Features

Struggling Providian to fire 800 workers

By Michael Liedtke The Associated Press
Friday January 04, 2002

SAN FRANCISCO — Providian Financial Corp. said Thursday it is firing 800 workers in California and Kentucky and warned even more layoffs loom as the hobbled credit card issuer struggles to recover from mounting loan losses. 

The firings, affecting 6 percent of Providian’s work force, follow 550 job cuts made after the San Francisco-based company decided in November to close a Nevada office. 

The latest cutbacks will affect Providian employees in four California cities — San Francisco, Oakland, Pleasanton and Sacramento — as well as Louisville, Ky., said spokesman Alan Elias. Providian planned to deliver most of the pink slips Thursday and Friday, Elias said. 

Providian plans to book a first-quarter charge of between $10 million and $15 million to pay for the firings. 

With the company’s growth restricted by federal bank regulators, Providian warned further layoffs are possible later this year. Other employees might be offered new jobs at other companies if Providian succeeds in its effort to sell its international business, as well as other pieces of its $32 billion loan portfolio. 

The mass layoffs reverse years of expansion that swelled Providian’s payroll from 3,000 employees at the start of 1997 to more than 13,000 workers in 2001. Along the way, Providian grew from the nation’s 13th largest issuer of Visa credit cards and Mastercards to the fifth biggest. 

“I deeply regret the need for these reductions,” Providian CEO Joseph Saunders said in a note to employees. “I very much hope that we can go through this process with as much fairness and grace as our circumstance permits.” 

Providian’s purge stems from the company’s deepening loan problems. 

Powered by a sophisticated computer program that emboldened the company to issue credit cards to high-risk borrowers that scared off other lenders, Providian emerged as one of the financial services industry’s biggest success stories of the 1990s. 

But the company’s run of prosperity ended abruptly during the last half of 2001, as more of its 18.5 million accountholders stopped making payments on their balances, saddling the company with crippling problems. As of Nov. 30, Providian’s loan losses stood at 12.8 percent of its managed loan portfolio, up from 7.7 percent at the start of 2001. 

Providian is trying to offset the damage by pruning expenses.
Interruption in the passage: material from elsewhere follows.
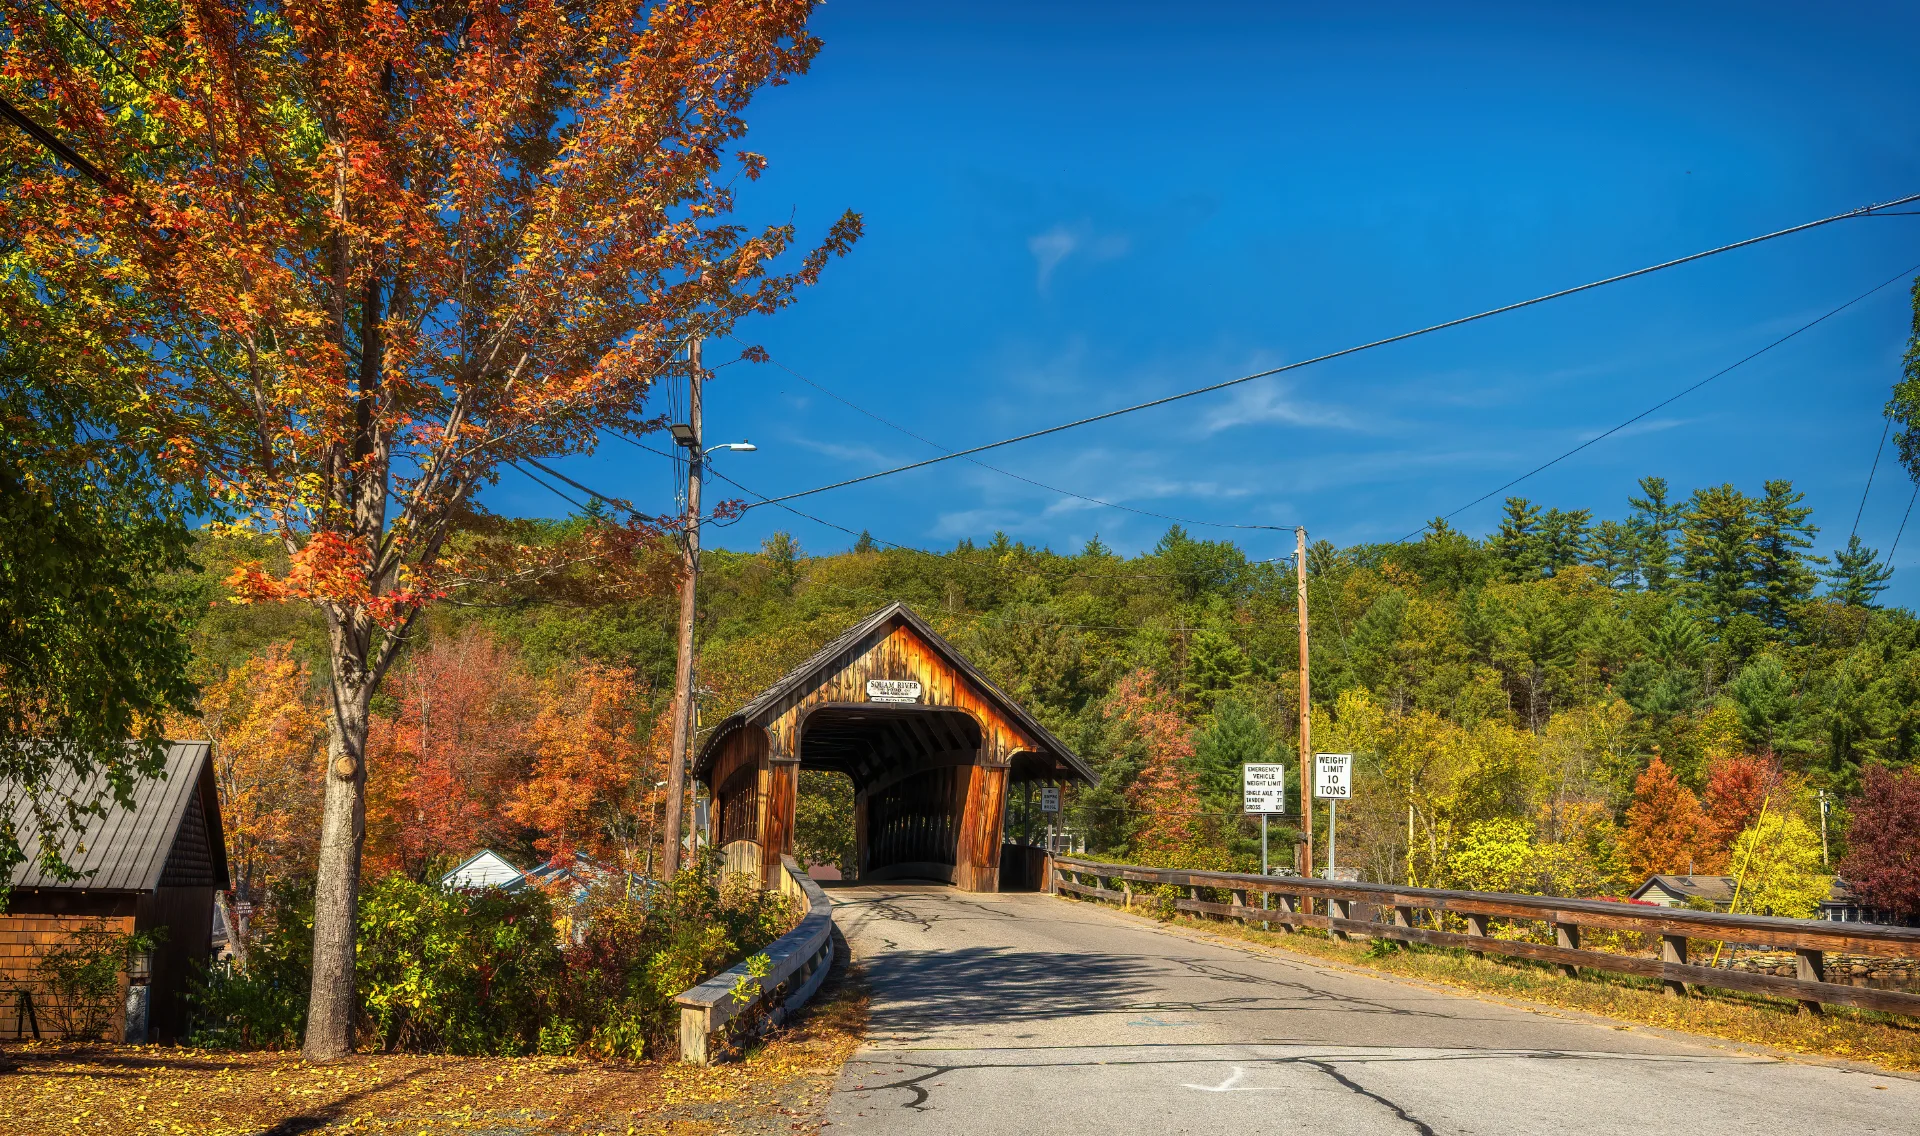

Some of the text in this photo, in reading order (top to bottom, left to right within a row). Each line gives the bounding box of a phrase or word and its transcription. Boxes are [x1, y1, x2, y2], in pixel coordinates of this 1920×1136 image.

The company estimates the job cuts made so far will save the company about $60 million annually. 

The streamlining hasn’t done much for Providian’s ravaged stock, which plunged by 94 percent in 2001, wiping out $15 billion in shareholder wealth. 

Providian’s shares fell 11 cents to close at $3.44 Thursday on the New York Stock Exchange. 

Investors are largely unimpressed with Providian’s recovery efforts so far because the company hasn’t adopted a new system for identifying potential customers or disposed of the troubled loans that sank the company in the first place, said industry analyst Jennifer Scutti of CIBC World Markets. 

“Cutting jobs and closing offices doesn’t really fix the problem,” Scutti said. “They need to sell portions of their portfolio, but they may have too many skeletons in the closet to pull it off.”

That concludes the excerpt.